If you've never seen a butterfly lay eggs, here's your chance.
The people who run the Monarch Watch program are putting on an open house Saturday at Foley Hall on Kansas University's west campus that features lots of egg-laying monarchs.
"The chances of your seeing a monarch lay eggs is right at 100 percent," said Orley "Chip" Taylor, a professor of biological sciences at KU and Monarch Watch director.
"We've got some big cages set up inside so you can see them, but they're laying eggs on the milkweed outside the building, too," he said. "If you come by, we'll show you."
There's also a milkweed-filled, open-air tent designed to let children search for caterpillars.
"There are a couple hundred caterpillars in there," Taylor said.
Another tent will let people see how they can help tag monarchs during this year's tagging day at Baker Wetlands from 7:30 a.m. to 11:30 a.m. Sept. 13. Now in its 12th year, tagging day is a project of the Jayhawk Audubon Society and Monarch Watch.

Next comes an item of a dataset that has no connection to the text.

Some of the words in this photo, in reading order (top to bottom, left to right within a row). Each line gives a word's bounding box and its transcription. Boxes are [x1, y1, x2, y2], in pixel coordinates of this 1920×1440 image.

"Last year, it rained and only about 150 people turned out," Taylor said. "The year before -- right after 9-11 -- we had 350 people, so we're hoping for a good turnout this year."

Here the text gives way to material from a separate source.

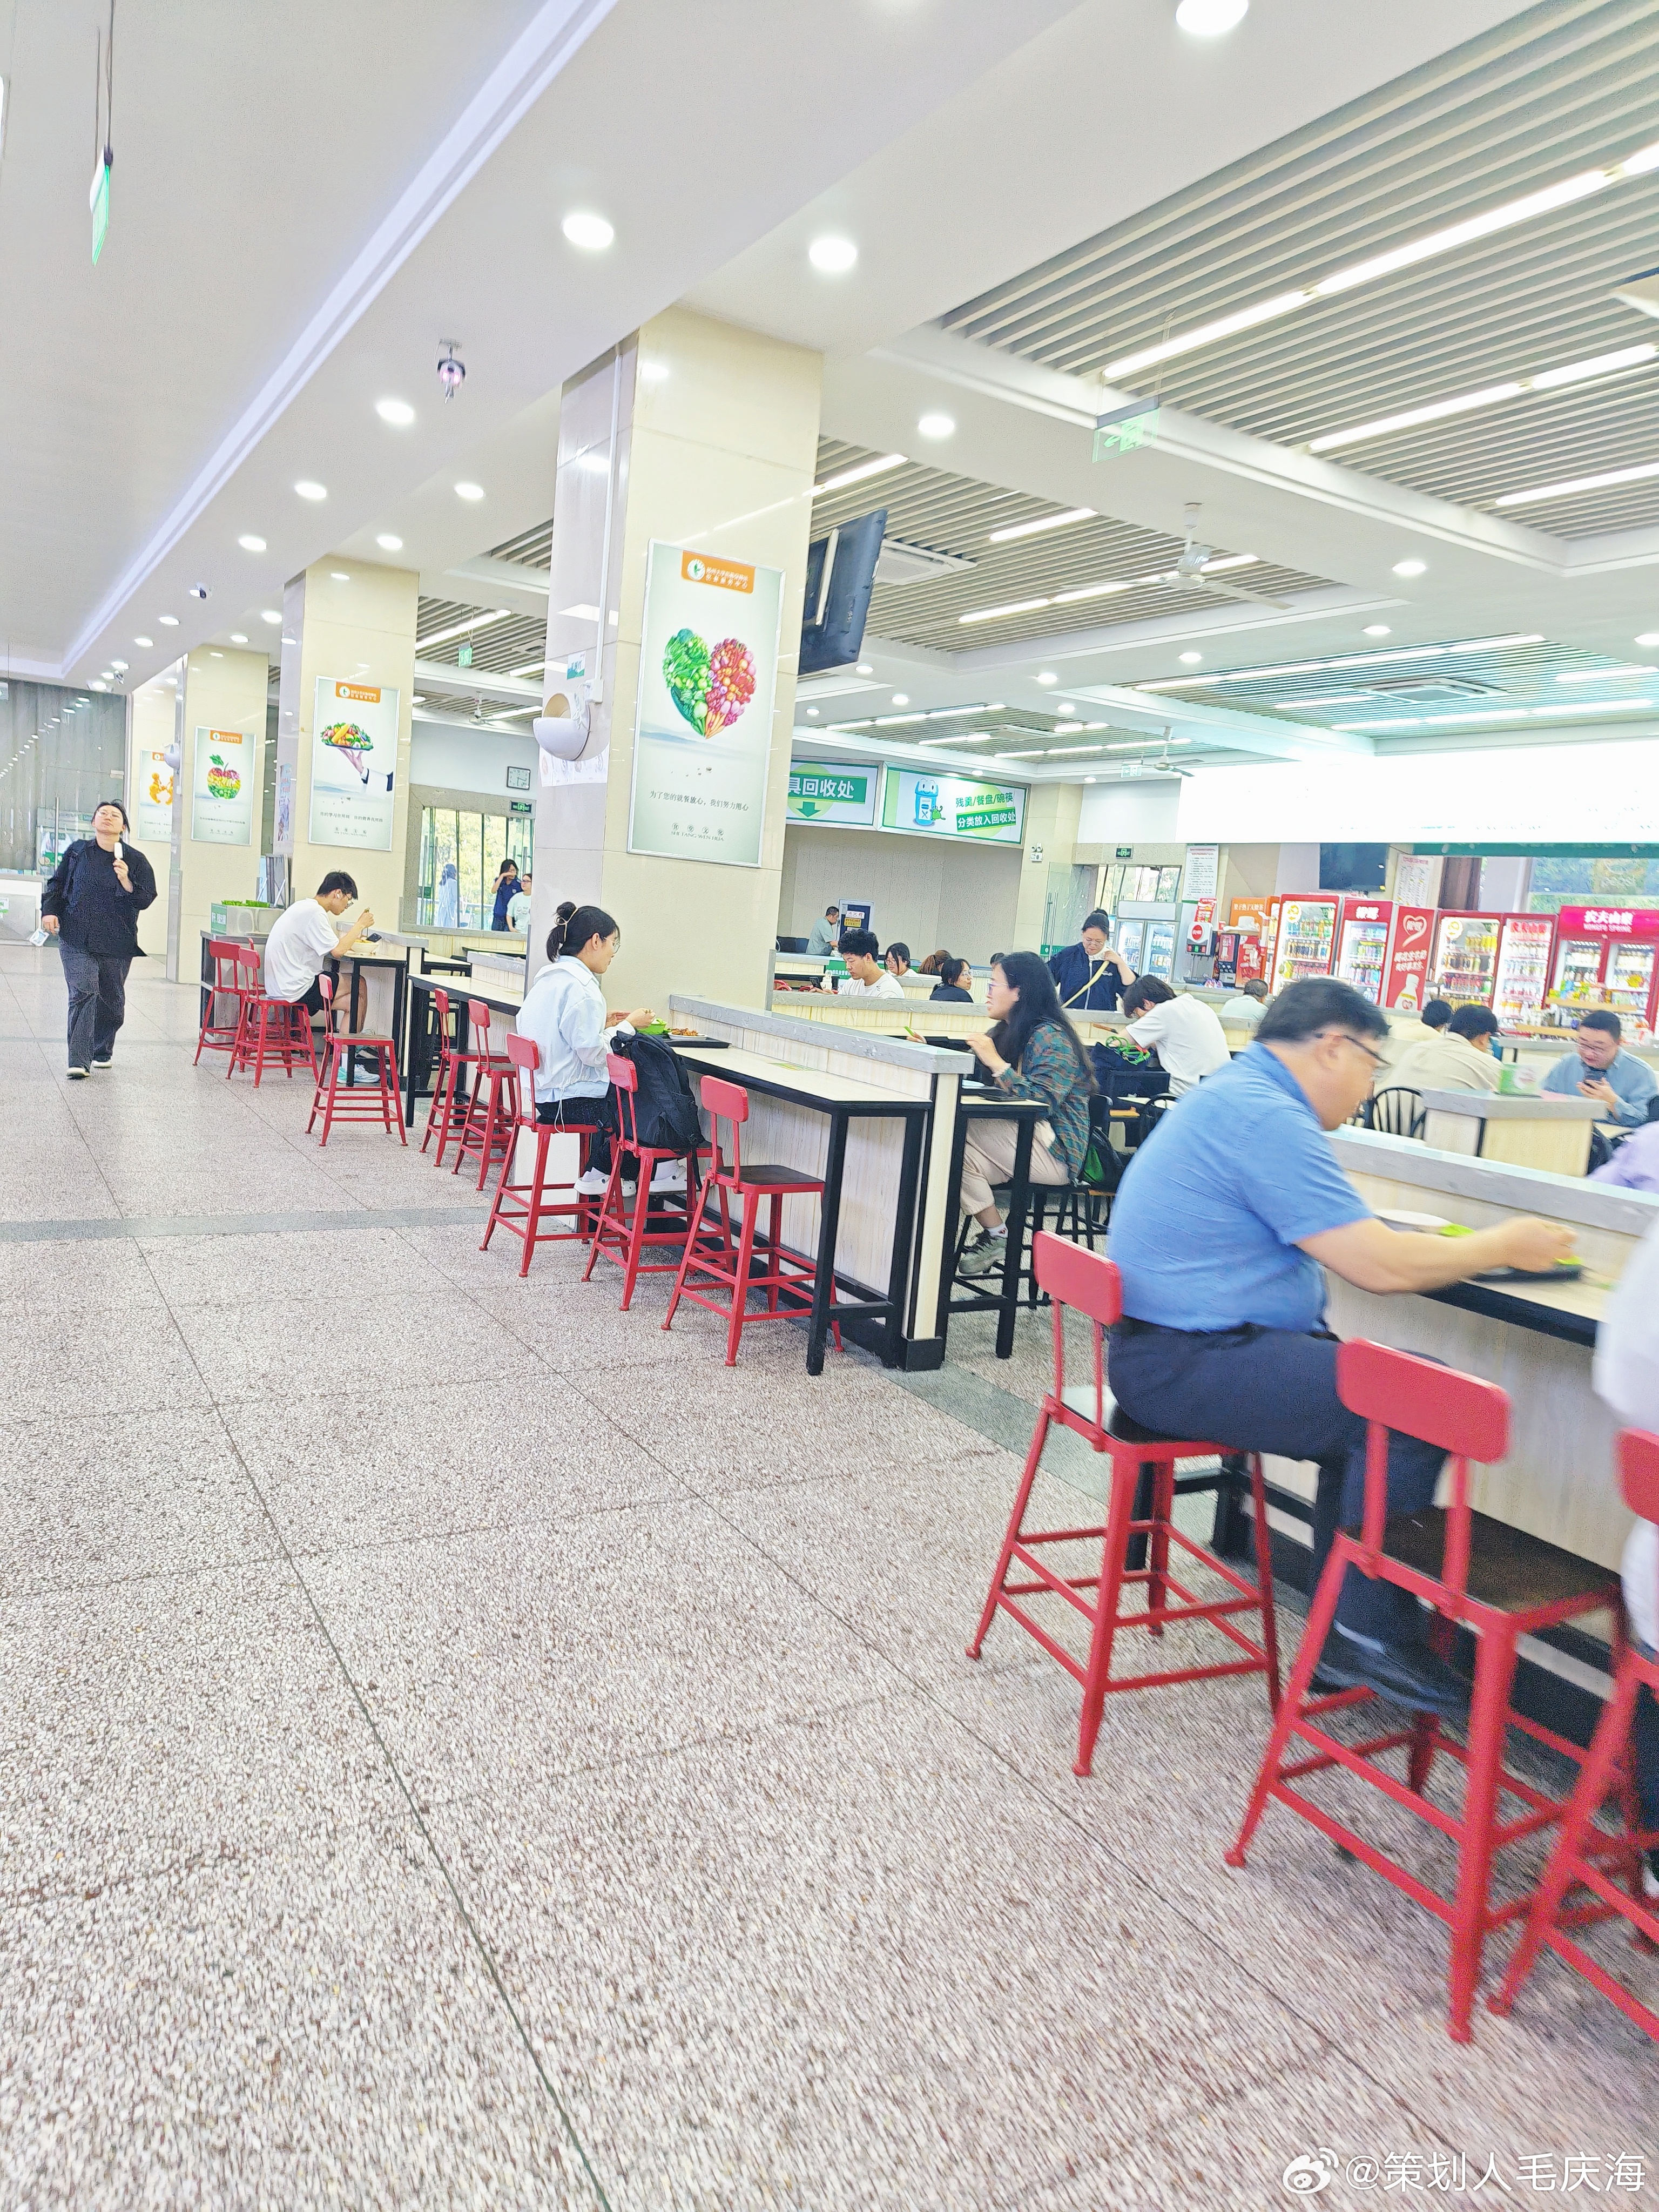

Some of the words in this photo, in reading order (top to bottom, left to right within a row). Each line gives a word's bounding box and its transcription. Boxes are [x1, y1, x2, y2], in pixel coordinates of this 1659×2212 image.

[788, 777, 854, 799] 具回收处
[957, 812, 1016, 828] 分类放入回收处

Based at KU, Monarch Watch is a conservation program dedicated to educating the public about monarchs and gaining a better understanding of the factors that affect monarchs' well-being.
Tagged butterflies help scientists track the monarchs' spring and fall migrations.
In Lawrence, this year's fall migration is expected to peak Tuesday and Wednesday, Taylor said.
Monarchs -- some 500 million in a good year -- spend the winter in the mountainous Oyamel Fir forests of central Mexico.